The output must match the entries below exactly, with pictures removed.

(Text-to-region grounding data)
* * * * * * * * *

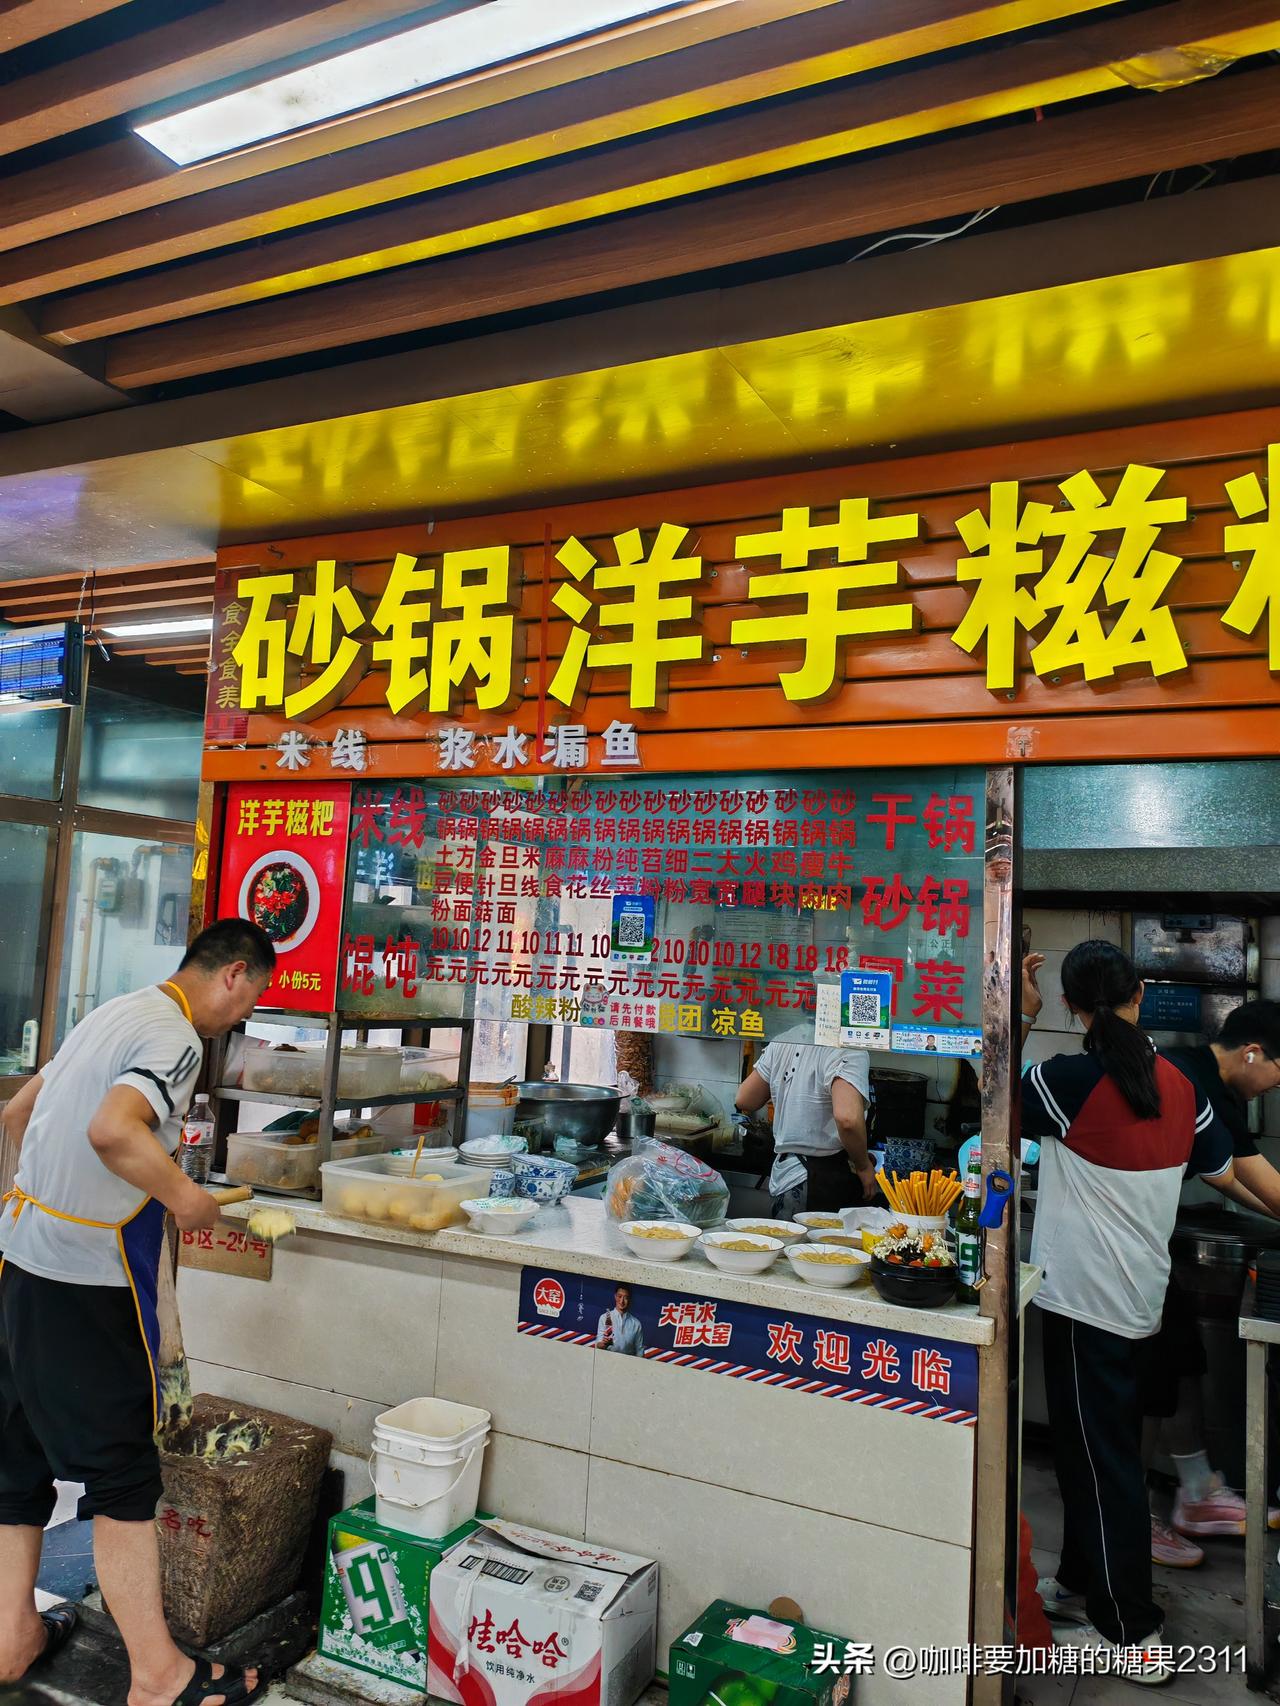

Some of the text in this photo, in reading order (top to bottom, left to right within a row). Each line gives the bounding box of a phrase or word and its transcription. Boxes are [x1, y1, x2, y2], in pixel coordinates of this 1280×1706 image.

[233, 443, 1280, 718] 砂锅洋芋糍
[276, 719, 642, 770] 米线 浆水漏鱼
[237, 799, 335, 837] 洋芋糍粑
[350, 786, 426, 848] 米线
[866, 792, 975, 854] 干锅
[860, 874, 970, 938] 砂锅
[341, 932, 419, 998] 馄饨
[511, 993, 581, 1023] 酸辣粉
[610, 1001, 656, 1015] 请先付款
[610, 1015, 656, 1028] 后用餐哦
[711, 1006, 765, 1037] 凉鱼
[537, 1287, 561, 1304] 大窑
[658, 1302, 717, 1326] 大汽水
[674, 1323, 732, 1347] 喝大窑
[766, 1322, 952, 1394] 欢迎光临
[468, 1608, 568, 1668] 娃哈哈
[485, 1660, 535, 1684] 饮用纯净水

* * * * * * * * *

RESULT OF THE TASK:
Some of the text in this photo, in reading order (top to bottom, left to right within a row). Each line gives the bounding box of a phrase or word and its transcription. Boxes are [x1, y1, x2, y2], in pixel coordinates of this 1280×1706 image.

[233, 443, 1280, 718] 砂锅洋芋糍
[276, 719, 642, 770] 米线 浆水漏鱼
[237, 799, 335, 837] 洋芋糍粑
[350, 786, 426, 848] 米线
[866, 792, 975, 854] 干锅
[860, 874, 970, 938] 砂锅
[341, 932, 419, 998] 馄饨
[511, 993, 581, 1023] 酸辣粉
[610, 1001, 656, 1015] 请先付款
[610, 1015, 656, 1028] 后用餐哦
[711, 1006, 765, 1037] 凉鱼
[537, 1287, 561, 1304] 大窑
[658, 1302, 717, 1326] 大汽水
[674, 1323, 732, 1347] 喝大窑
[766, 1322, 952, 1394] 欢迎光临
[468, 1608, 568, 1668] 娃哈哈
[485, 1660, 535, 1684] 饮用纯净水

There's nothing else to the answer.